To do =>
Would you print the data below exactly, leaving out every picture?

**** Supplied material

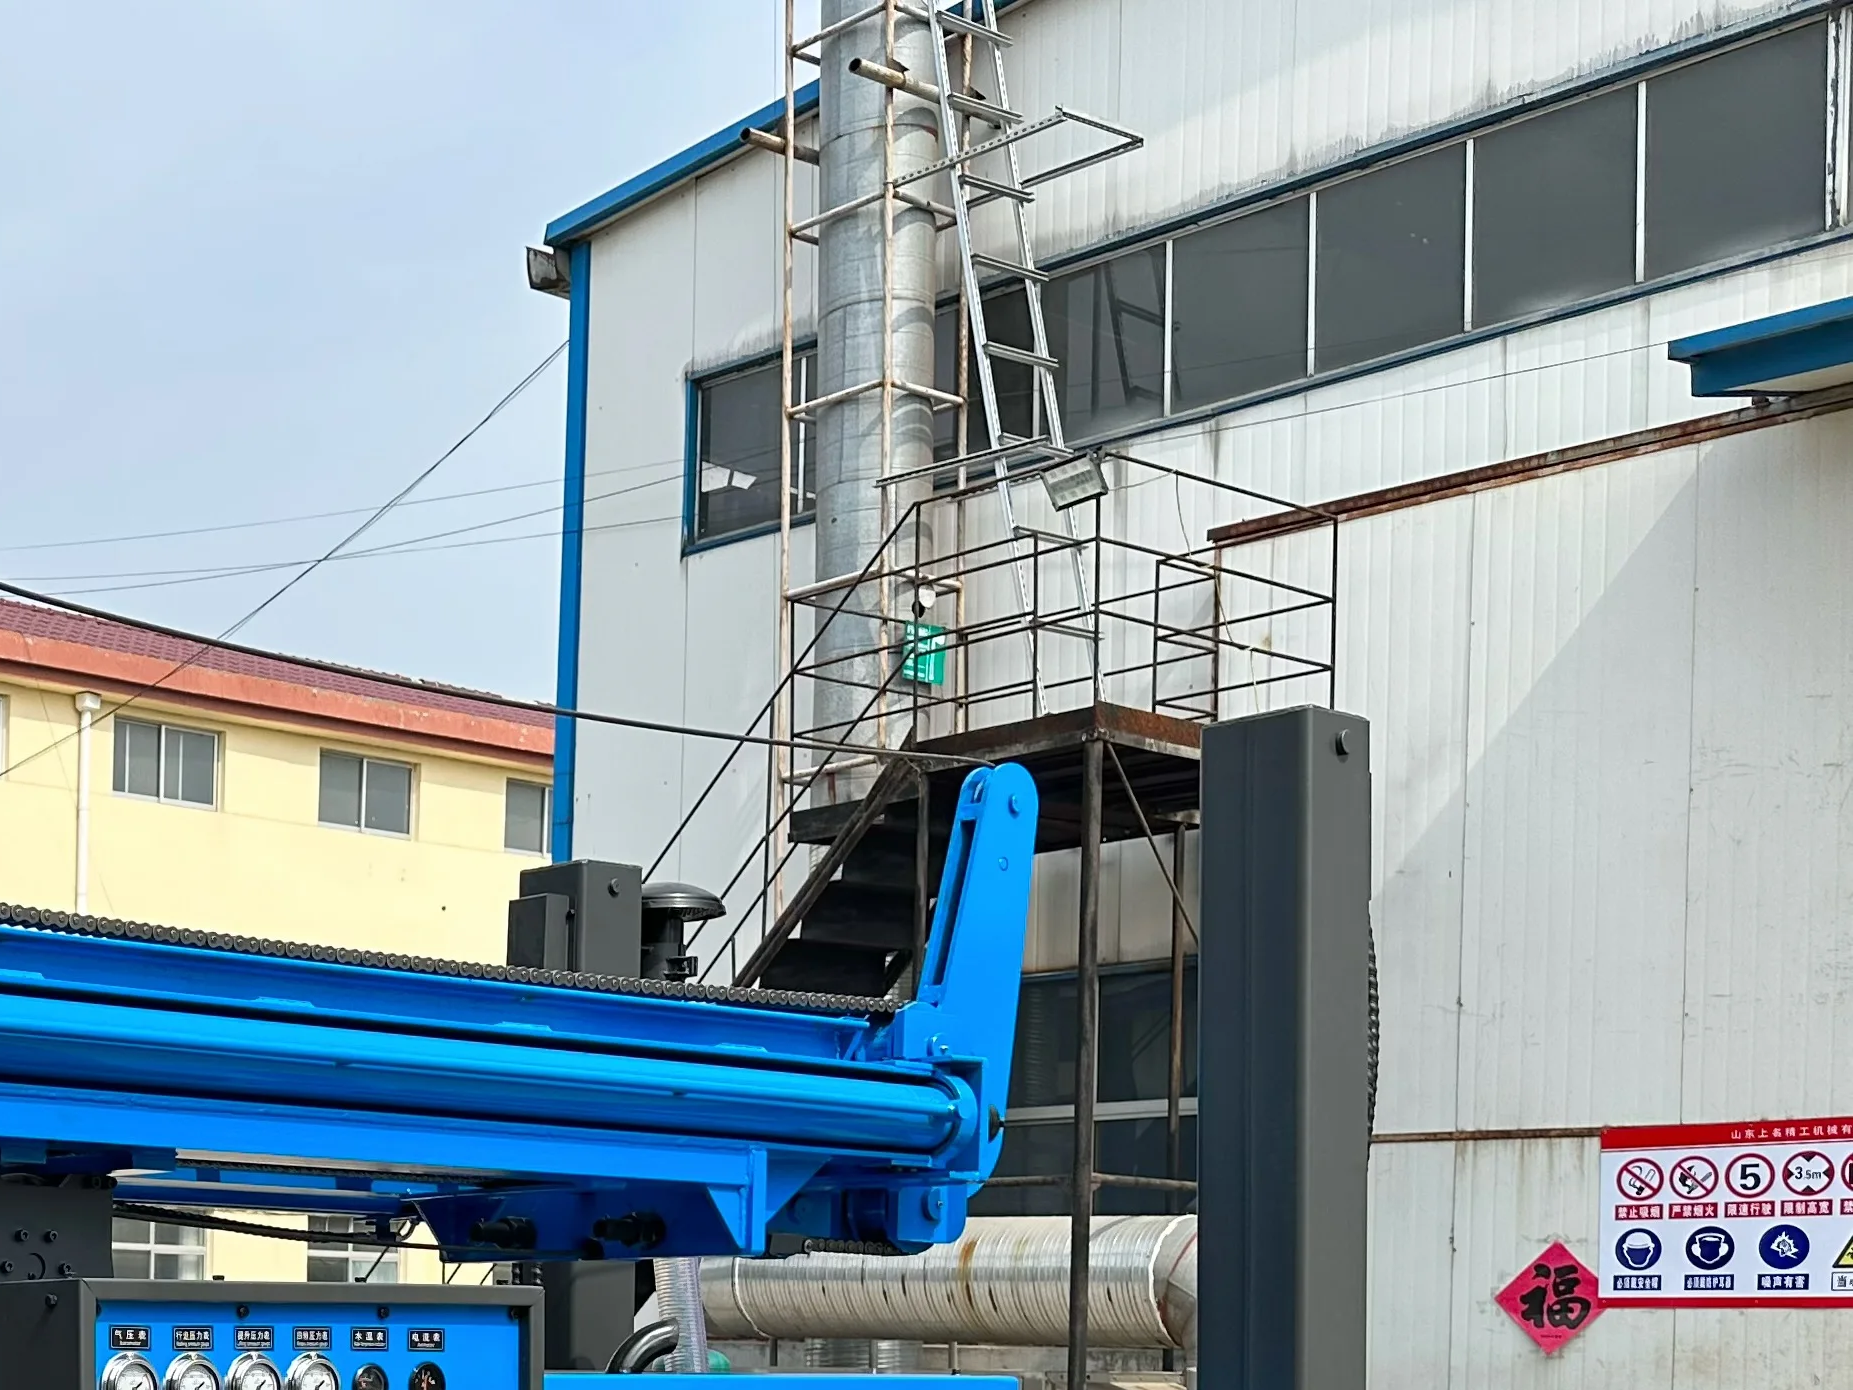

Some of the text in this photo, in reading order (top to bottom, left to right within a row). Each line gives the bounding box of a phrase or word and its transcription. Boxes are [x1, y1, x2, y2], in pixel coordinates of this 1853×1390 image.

[1739, 1163, 1761, 1191] 5
[1617, 1205, 1661, 1219] 禁止吸烟
[1671, 1204, 1715, 1217] 严禁烟火
[1726, 1203, 1772, 1216] 限速行驶
[1783, 1201, 1830, 1214] 限制高宽
[1761, 1276, 1805, 1288] 噪声有害
[1518, 1263, 1591, 1330] 福
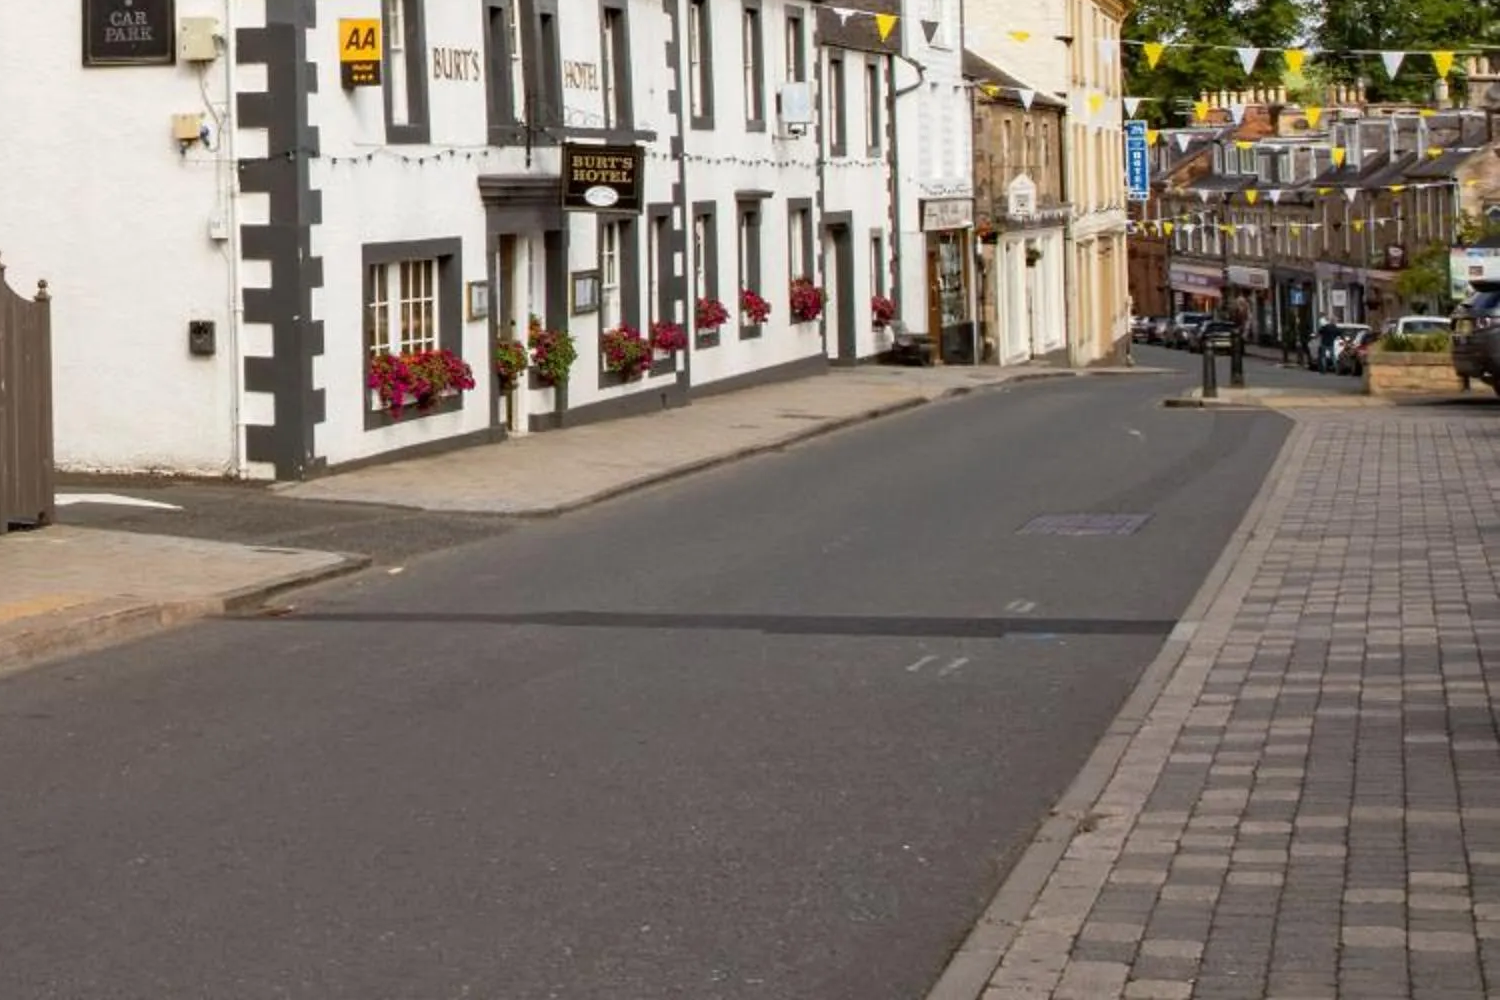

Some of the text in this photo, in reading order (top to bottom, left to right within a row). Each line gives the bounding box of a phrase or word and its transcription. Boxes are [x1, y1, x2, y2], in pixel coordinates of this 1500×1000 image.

[109, 10, 148, 27] CAR
[104, 25, 154, 43] PARK
[346, 27, 376, 51] AA
[432, 47, 599, 91] BURT'S HOTEL
[572, 168, 633, 184] HOTEL
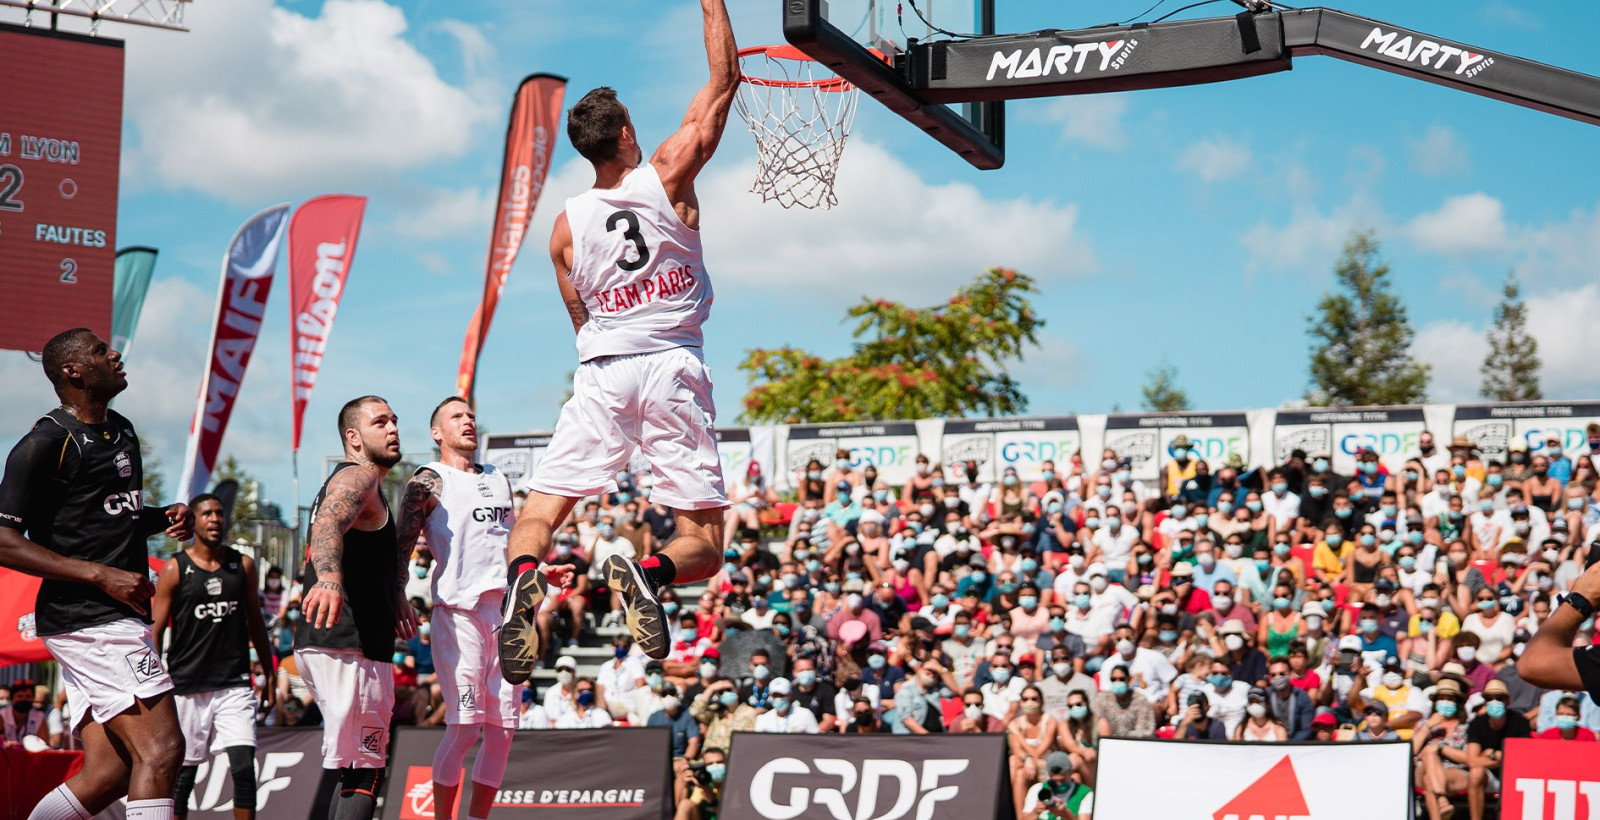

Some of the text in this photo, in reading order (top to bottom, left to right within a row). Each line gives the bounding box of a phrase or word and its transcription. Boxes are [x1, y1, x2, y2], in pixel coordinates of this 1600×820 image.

[986, 38, 1139, 81] MARTY Sports
[1360, 27, 1495, 78] MARTY Sports
[21, 135, 80, 164] LYON
[36, 223, 107, 248] FAUTES
[605, 210, 650, 272] 3
[59, 257, 78, 283] 2
[595, 264, 695, 313] TEAM PARIS
[202, 277, 266, 433] MAIF
[1002, 441, 1072, 462] GRDF
[103, 489, 144, 515] GRD
[472, 506, 511, 523] GRDF
[194, 600, 238, 620] GRDF
[494, 788, 646, 804] ISSE D'EPARGNE
[749, 757, 970, 820] GRDF
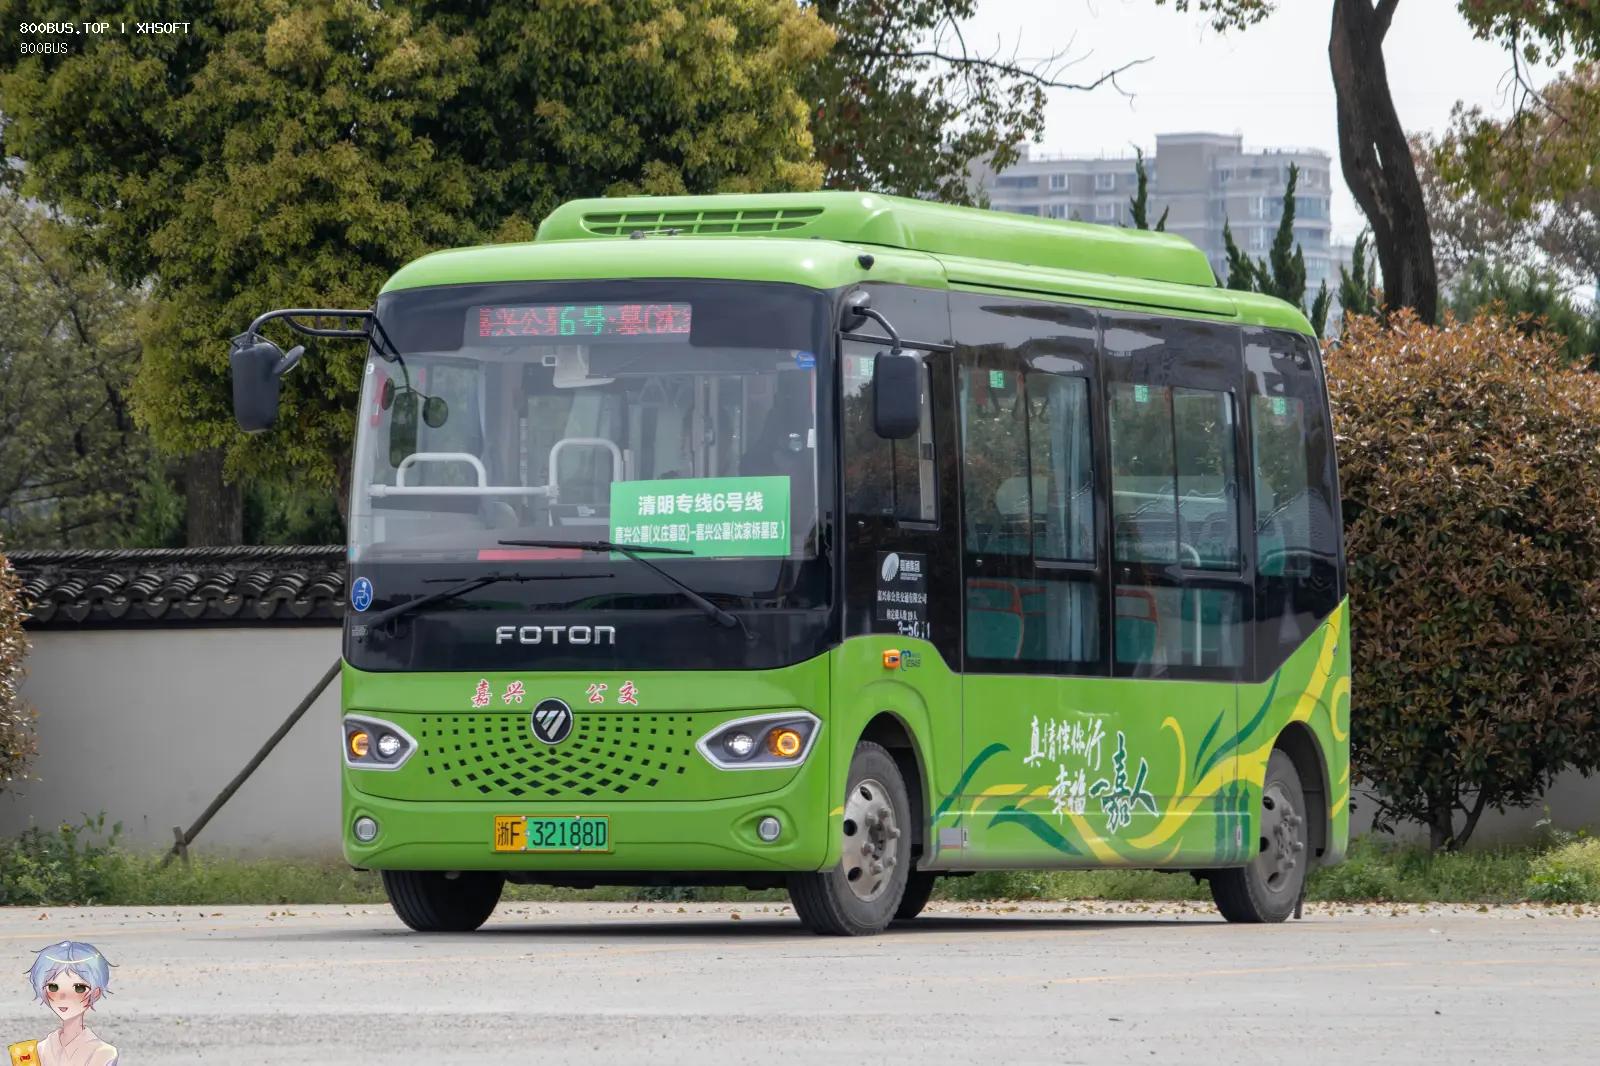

********

Result of this task =>
Some of the text in this photo, in reading order (top to bottom, left to right within a row). Each line gives the bounding box of a phrase or word and its transcription. Boxes are [x1, y1, x2, y2], in pixel coordinates of this 1853×1390 image.

[1739, 1163, 1761, 1191] 5
[1617, 1205, 1661, 1219] 禁止吸烟
[1671, 1204, 1715, 1217] 严禁烟火
[1726, 1203, 1772, 1216] 限速行驶
[1783, 1201, 1830, 1214] 限制高宽
[1761, 1276, 1805, 1288] 噪声有害
[1518, 1263, 1591, 1330] 福

Some of the text in this photo, in reading order (top to bottom, left to right within a row). Each line gives the bounding box of a phrase or word and its transcription. Boxes are [x1, y1, x2, y2], in pixel coordinates of this 1500×1000 image.

[109, 10, 148, 27] CAR
[104, 25, 154, 43] PARK
[346, 27, 376, 51] AA
[432, 47, 599, 91] BURT'S HOTEL
[572, 168, 633, 184] HOTEL

Some of the text in this photo, in reading order (top to bottom, left to right within a row). Each line gives the bounding box of a phrase or word and its transcription. Boxes are [x1, y1, x2, y2], in pixel coordinates of this 1600×820 image.

[986, 38, 1139, 81] MARTY Sports
[1360, 27, 1495, 78] MARTY Sports
[21, 135, 80, 164] LYON
[36, 223, 107, 248] FAUTES
[605, 210, 650, 272] 3
[59, 257, 78, 283] 2
[595, 264, 695, 313] TEAM PARIS
[202, 277, 266, 433] MAIF
[1002, 441, 1072, 462] GRDF
[103, 489, 144, 515] GRD
[472, 506, 511, 523] GRDF
[194, 600, 238, 620] GRDF
[494, 788, 646, 804] ISSE D'EPARGNE
[749, 757, 970, 820] GRDF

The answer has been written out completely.